Though audiences in the Twittersphere and beyond erupted into rapturous applause, observers were quick to question what they were hearing.
In the end, the entire episode wasn’t great PR for artificial intelligence or advanced speech technology. But that’s a shame, because the truth is that voice AI has enormous potential to empower consumers and deliver value to the companies deploying it — provided there’s a clear understanding of its purpose and limitations.
Voice AI in the wild
One of the best examples is ordering food.
Skyrocketing inflation has increased costs for restaurant owners, while labor shortages have made it difficult for them to meet customer demand (which decrease slowly after–lockdown). Some smaller restaurants have been ringing the phone, while some larger ones have even been forced to keep driving customers waitingwhich leads to frustration.
So they are increasingly turning to voice technology to pick up the slack.
It makes perfect sense. As long as the speech technology is advanced enough – and you might be surprised how smart it is right now — by letting voice AI take an order, employees can get on with the important work of making great food and making sure the diners have a great experience.

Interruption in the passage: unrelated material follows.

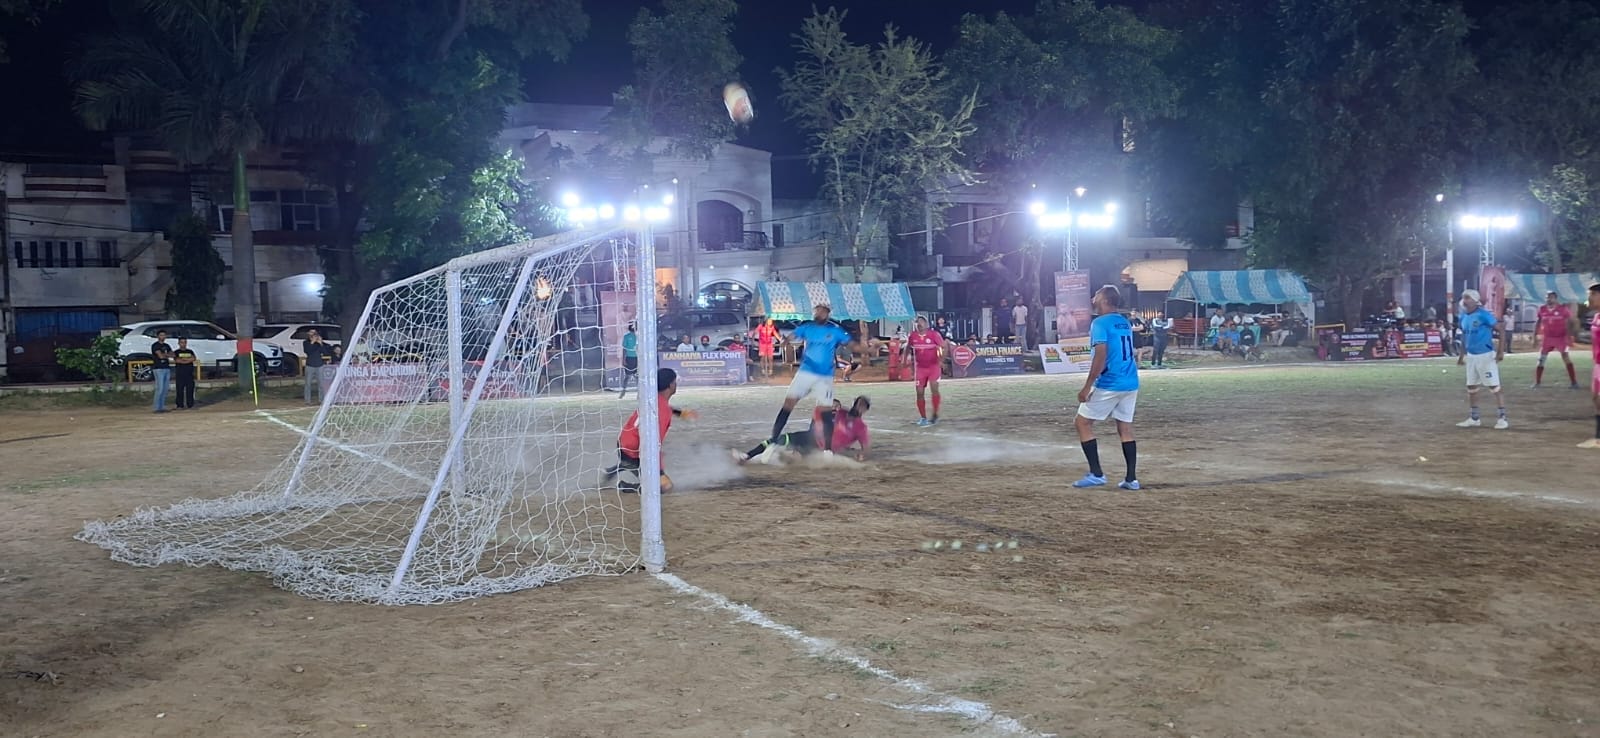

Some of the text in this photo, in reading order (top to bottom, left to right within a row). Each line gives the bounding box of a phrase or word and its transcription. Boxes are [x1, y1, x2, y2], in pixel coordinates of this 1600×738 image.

[999, 346, 1022, 355] FINANCE
[1120, 335, 1133, 361] 11
[663, 352, 702, 360] KANHAIYA
[719, 351, 741, 359] POINT

No one is fooled in this scenario – this kind of voice AI tends to declare its non-human status when it’s not already clear. Customers are satisfied and service professionals are supported, not undermined.
Good service, no servants
So what about this idea: instead of each of us having our own personal humanoid Jeeves (as in the Google Duplex scenario), what if different brands and companies had their own assistants that formed a broad ecosystem of voice assistants? In this way, companies could assert their own brand identity and build one-to-one relationships with their customers without an intermediary. Customers for their part could deal with a voice AI that really know the goods or services the company has to offer, rather than an Alexa-style assistant trying to work its way through.

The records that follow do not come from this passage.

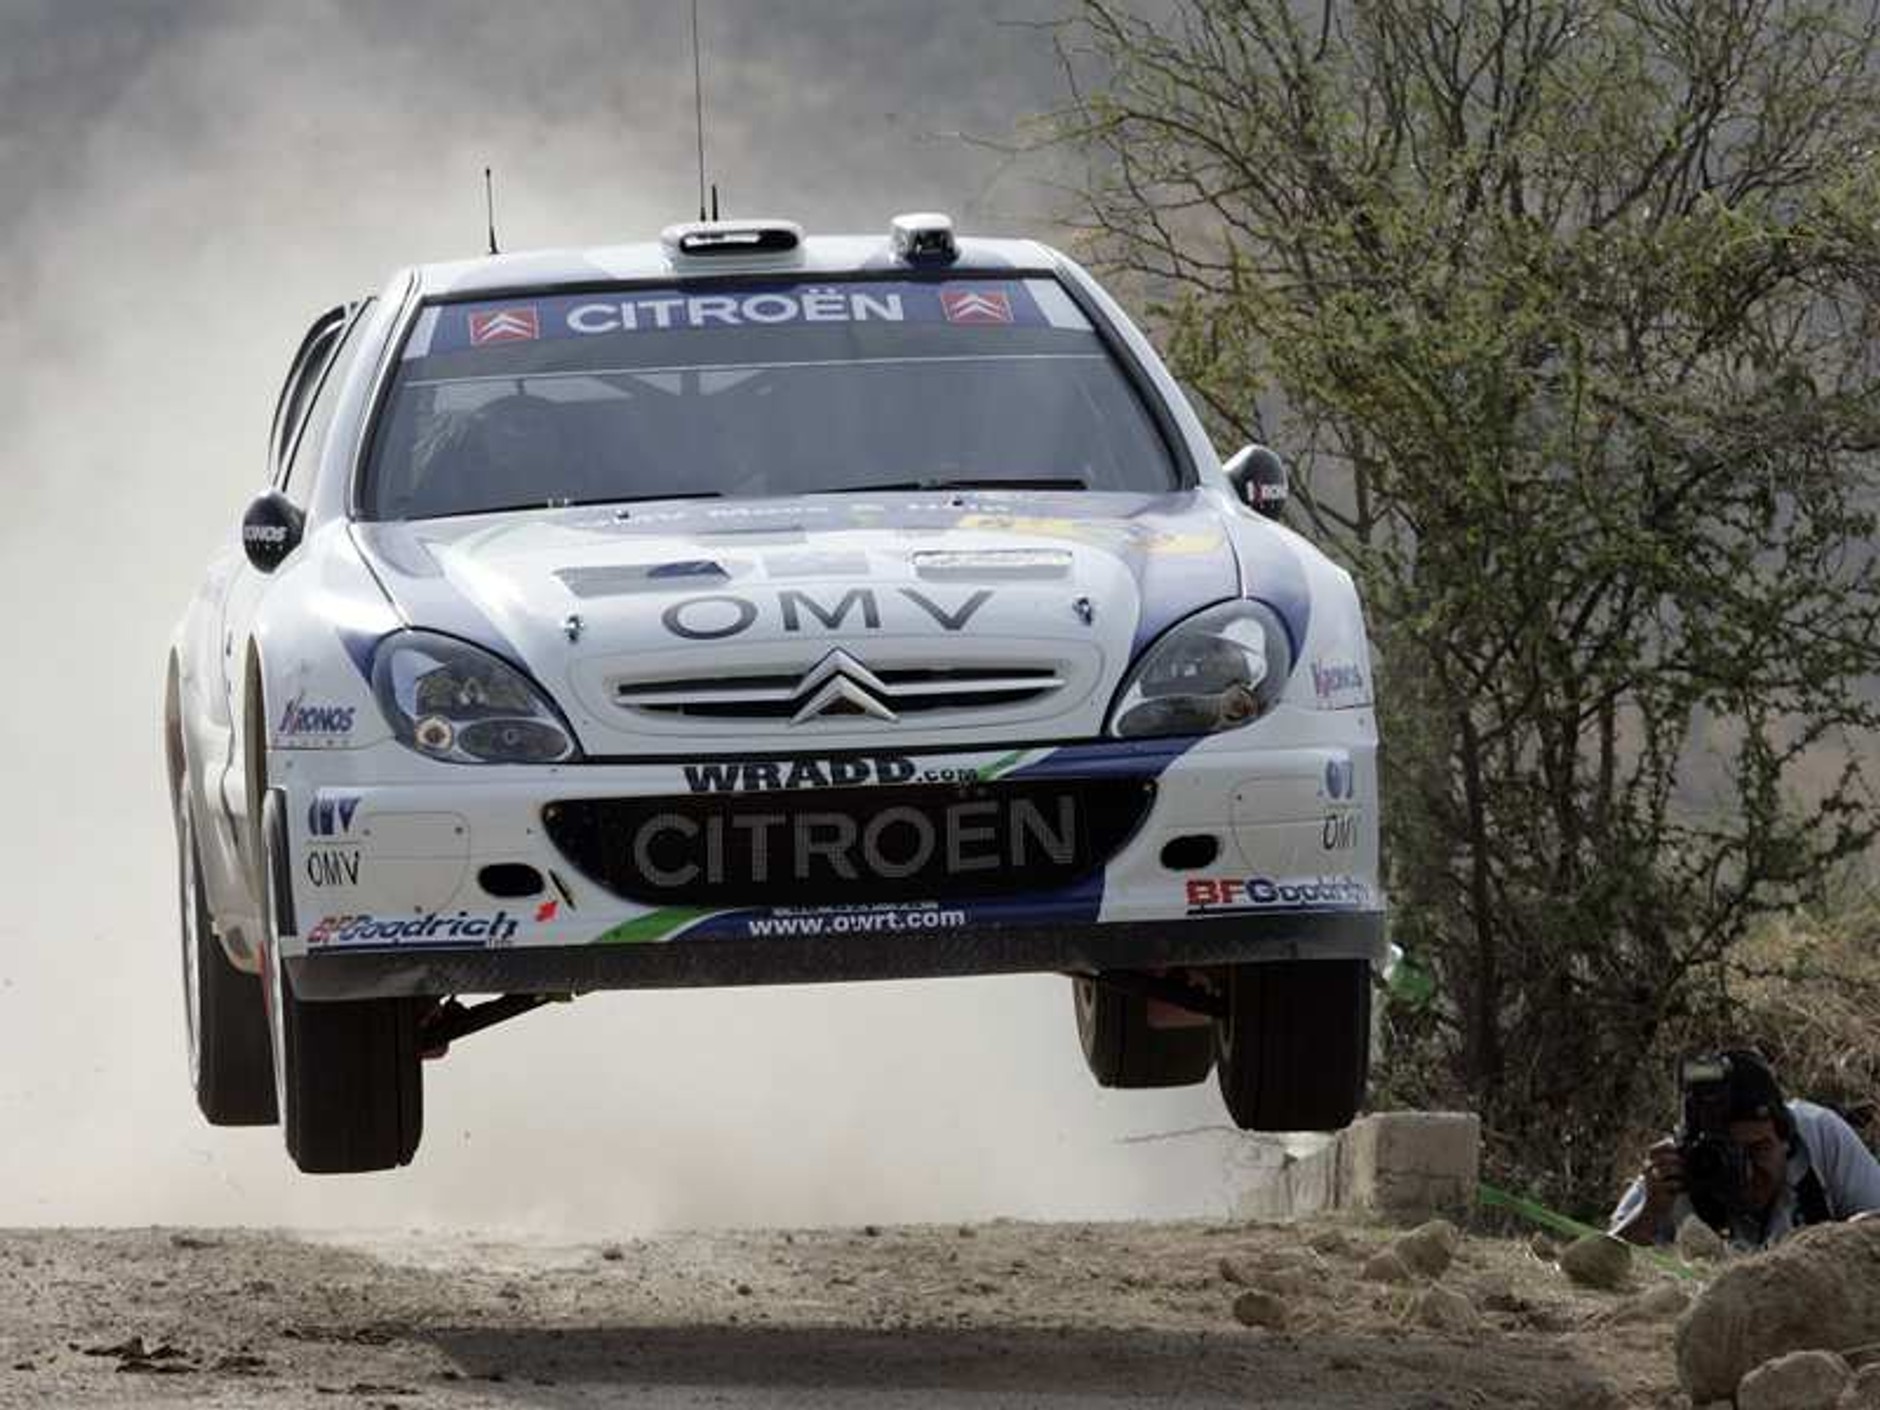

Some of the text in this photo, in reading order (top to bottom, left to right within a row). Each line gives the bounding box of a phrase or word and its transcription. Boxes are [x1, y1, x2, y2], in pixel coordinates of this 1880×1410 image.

[566, 288, 904, 333] CITROËN
[661, 587, 996, 640] OMV
[633, 785, 1075, 888] CITROËN
[307, 850, 359, 887] OMV
[749, 909, 965, 936] www.owrt.com

For example, the voice assistants of restaurants become familiar with the menu. They learn favorite combinations; they can make changes and suggestions; they learn to upsell. Why couldn’t that be replicated in the rest of the hospitality industry, retail or even professional services? The answer is: it could, and it is starting to happen.
Instead of thinking about creating sentient AI servants, we should start thinking about voice assistants as functional tools that we can refocus in this way. In the “real world,” most of us don’t have servants or envoys to negotiate for us, but we do rely on knowledgeable, pleasant, and efficient front-line workers. Why not replicate systems that work instead of legacy systems?
I believe we’re going to do that and it will make the experiences of both brands and customers more vibrant and fruitful as a result.
Importantly, this is not about replacing staff with an army of voice assistants. It’s about giving employees the time and space they need to focus on critical tasks, streamline clunky ordering systems, and help businesses grow revenue. And it’s also about allowing us as customers to move away from screens and devices to order in the most natural and human way we know how: with our voice.
Zubin Irani is CRO of SoundHound.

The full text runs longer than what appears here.